--- TO DO ---
Repeat the records below exactly as they appear, leaving out any pictures.

Annotated photo localization data:
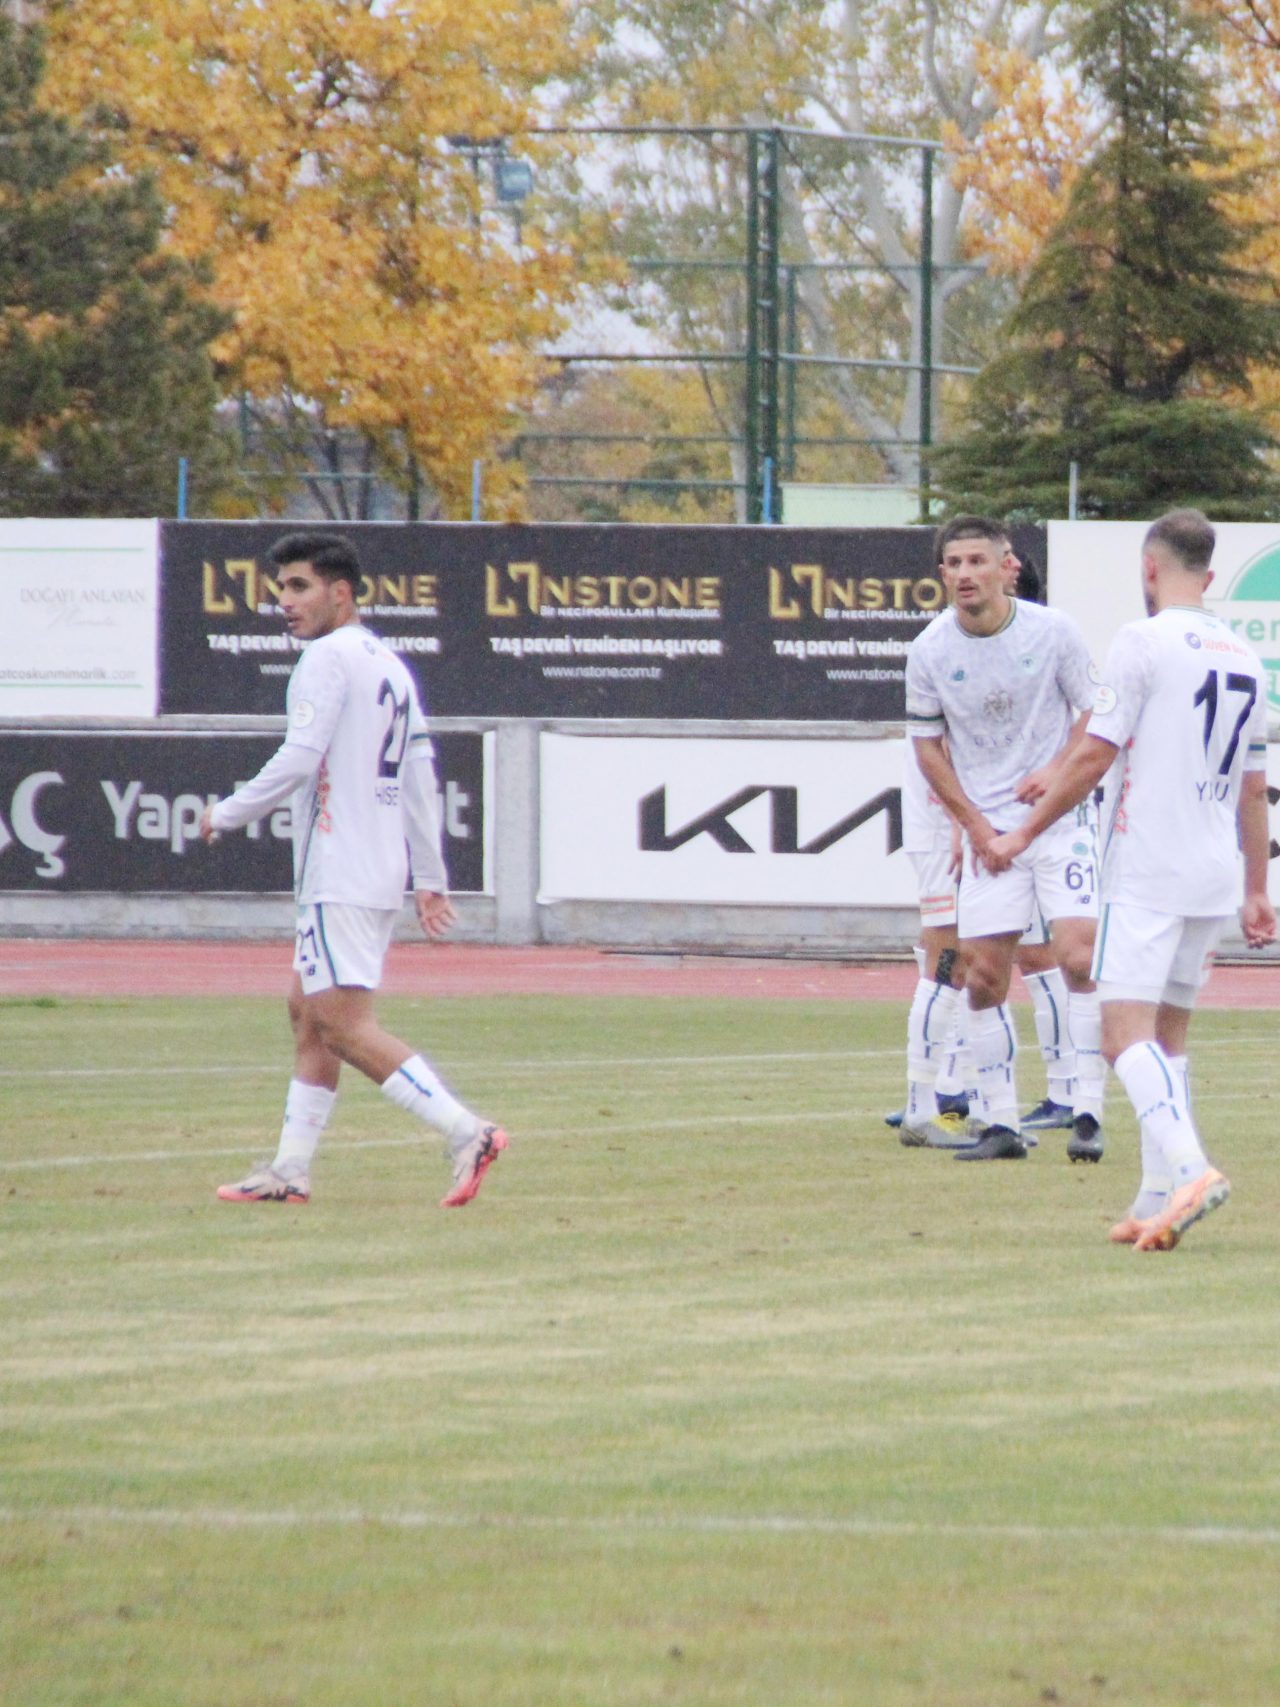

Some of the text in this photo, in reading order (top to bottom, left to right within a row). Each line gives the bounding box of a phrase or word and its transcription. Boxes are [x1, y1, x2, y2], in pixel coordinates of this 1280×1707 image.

[540, 606, 556, 617] Bir
[824, 607, 840, 619] Bir
[207, 634, 240, 655] TAŞ
[242, 632, 289, 651] DEVRİ
[490, 635, 722, 659] TAŞ DEVRİ YENİDEN BAŞLIYOR
[773, 637, 912, 660] TAŞ DEVRİ YENİDE
[376, 676, 411, 778] 21
[1194, 669, 1257, 776] 17
[637, 783, 904, 856] KIA
[1065, 861, 1094, 892] 61

--- WRITTEN RESPONSE ---
Some of the text in this photo, in reading order (top to bottom, left to right within a row). Each line gives the bounding box of a phrase or word and its transcription. Boxes are [x1, y1, x2, y2], in pixel coordinates of this 1280×1707 image.

[540, 606, 556, 617] Bir
[824, 607, 840, 619] Bir
[207, 634, 240, 655] TAŞ
[242, 632, 289, 651] DEVRİ
[490, 635, 722, 659] TAŞ DEVRİ YENİDEN BAŞLIYOR
[773, 637, 912, 660] TAŞ DEVRİ YENİDE
[376, 676, 411, 778] 21
[1194, 669, 1257, 776] 17
[637, 783, 904, 856] KIA
[1065, 861, 1094, 892] 61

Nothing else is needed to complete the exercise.